▶ [EXERCISE DETAILS]
Copy the data that appears below exactly. Drop the pictures.

▶ [WORKING DATA]
○ ○ ○ ○

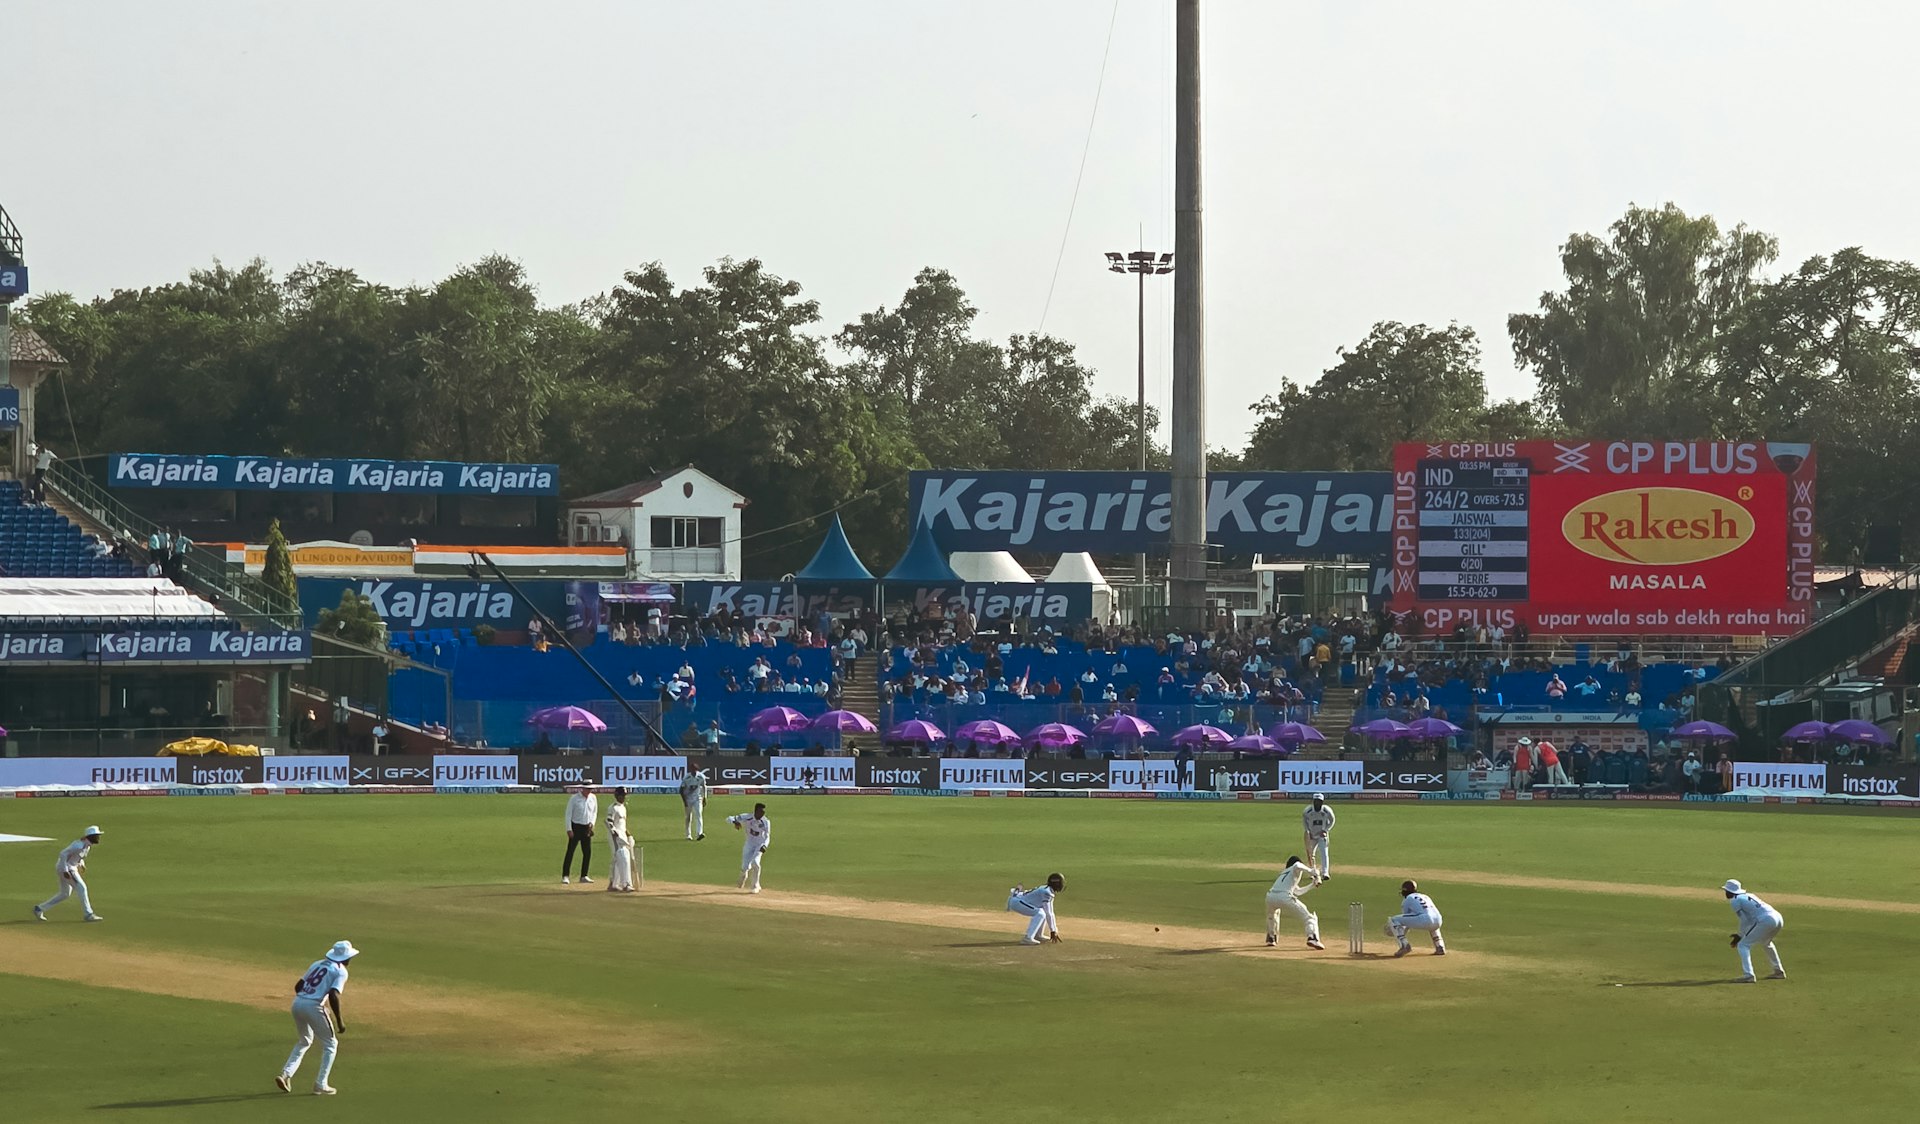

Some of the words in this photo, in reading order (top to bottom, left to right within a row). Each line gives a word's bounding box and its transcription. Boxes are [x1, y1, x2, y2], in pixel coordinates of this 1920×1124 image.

[1450, 444, 1470, 458] CP
[1474, 443, 1515, 458] PLUS
[1606, 442, 1654, 475] CP
[1665, 442, 1757, 475] PLUS
[116, 456, 218, 486] Kajaria
[235, 459, 334, 489] Kajaria
[1459, 461, 1477, 471] 03:35
[1478, 461, 1491, 471] PM
[348, 463, 444, 491] Kajaria
[458, 466, 552, 493] Kajaria
[1425, 468, 1454, 486] IND
[1396, 470, 1416, 530] PLUS
[1425, 490, 1469, 509] 264/2
[1473, 494, 1500, 505] OVERS
[916, 478, 1171, 546] Kajaria
[1452, 513, 1496, 526] JAISWAL
[1579, 493, 1740, 563] Rakesh
[1792, 506, 1811, 538] CP
[1453, 528, 1491, 541] 133(204)
[355, 553, 406, 563] PAVILION
[1396, 535, 1416, 566] CP
[1461, 558, 1483, 571] 6(20)
[1791, 542, 1811, 601] PLUS
[1457, 573, 1489, 584] PIERRE
[1610, 574, 1707, 590] MASALA
[1447, 586, 1498, 598] 15.5-0-62-0
[361, 581, 514, 627] Kajaria
[1423, 608, 1453, 629] CP
[1538, 612, 1581, 629] upar
[1586, 609, 1630, 626] wala
[1636, 609, 1669, 626] sab
[1674, 609, 1721, 626] dekh
[1726, 609, 1770, 626] raha
[1776, 609, 1806, 625] hai
[0, 633, 64, 660] jaria
[96, 631, 191, 658] Kajaria
[209, 630, 303, 657] Kajaria
[92, 767, 175, 783] FUJIFILM
[192, 766, 244, 784] instax
[265, 766, 347, 781] FUJIFILM
[384, 767, 430, 779] GFX
[435, 765, 516, 780] FUJIFILM
[533, 763, 584, 782] instax
[604, 766, 686, 781] FUJIFILM
[722, 768, 767, 780] GFX
[870, 765, 921, 784] instax
[942, 768, 1023, 784] FUJIFILM
[1060, 771, 1106, 783] GFX
[1281, 770, 1361, 786] FUJIFILM
[1398, 773, 1443, 785] GFX
[1736, 772, 1824, 789] FUJIFILM
[169, 788, 201, 796] ASTRAL
[203, 788, 234, 796] ASTRAL
[893, 788, 925, 796] ASTRAL
[1843, 774, 1899, 794] instax
[927, 789, 958, 797] ASTRAL
[1157, 791, 1187, 799] ASTRAL
[1453, 792, 1483, 800] ASTRAL
[1682, 794, 1713, 802] ASTRAL
[306, 966, 328, 988] 48

○ ○ ○ ○

▶ [SOLVED PROBLEM]
Some of the words in this photo, in reading order (top to bottom, left to right within a row). Each line gives a word's bounding box and its transcription. Boxes are [x1, y1, x2, y2], in pixel coordinates of this 1920×1124 image.

[1450, 444, 1470, 458] CP
[1474, 443, 1515, 458] PLUS
[1606, 442, 1654, 475] CP
[1665, 442, 1757, 475] PLUS
[116, 456, 218, 486] Kajaria
[235, 459, 334, 489] Kajaria
[1459, 461, 1477, 471] 03:35
[1478, 461, 1491, 471] PM
[348, 463, 444, 491] Kajaria
[458, 466, 552, 493] Kajaria
[1425, 468, 1454, 486] IND
[1396, 470, 1416, 530] PLUS
[1425, 490, 1469, 509] 264/2
[1473, 494, 1500, 505] OVERS
[916, 478, 1171, 546] Kajaria
[1452, 513, 1496, 526] JAISWAL
[1579, 493, 1740, 563] Rakesh
[1792, 506, 1811, 538] CP
[1453, 528, 1491, 541] 133(204)
[355, 553, 406, 563] PAVILION
[1396, 535, 1416, 566] CP
[1461, 558, 1483, 571] 6(20)
[1791, 542, 1811, 601] PLUS
[1457, 573, 1489, 584] PIERRE
[1610, 574, 1707, 590] MASALA
[1447, 586, 1498, 598] 15.5-0-62-0
[361, 581, 514, 627] Kajaria
[1423, 608, 1453, 629] CP
[1538, 612, 1581, 629] upar
[1586, 609, 1630, 626] wala
[1636, 609, 1669, 626] sab
[1674, 609, 1721, 626] dekh
[1726, 609, 1770, 626] raha
[1776, 609, 1806, 625] hai
[0, 633, 64, 660] jaria
[96, 631, 191, 658] Kajaria
[209, 630, 303, 657] Kajaria
[92, 767, 175, 783] FUJIFILM
[192, 766, 244, 784] instax
[265, 766, 347, 781] FUJIFILM
[384, 767, 430, 779] GFX
[435, 765, 516, 780] FUJIFILM
[533, 763, 584, 782] instax
[604, 766, 686, 781] FUJIFILM
[722, 768, 767, 780] GFX
[870, 765, 921, 784] instax
[942, 768, 1023, 784] FUJIFILM
[1060, 771, 1106, 783] GFX
[1281, 770, 1361, 786] FUJIFILM
[1398, 773, 1443, 785] GFX
[1736, 772, 1824, 789] FUJIFILM
[169, 788, 201, 796] ASTRAL
[203, 788, 234, 796] ASTRAL
[893, 788, 925, 796] ASTRAL
[1843, 774, 1899, 794] instax
[927, 789, 958, 797] ASTRAL
[1157, 791, 1187, 799] ASTRAL
[1453, 792, 1483, 800] ASTRAL
[1682, 794, 1713, 802] ASTRAL
[306, 966, 328, 988] 48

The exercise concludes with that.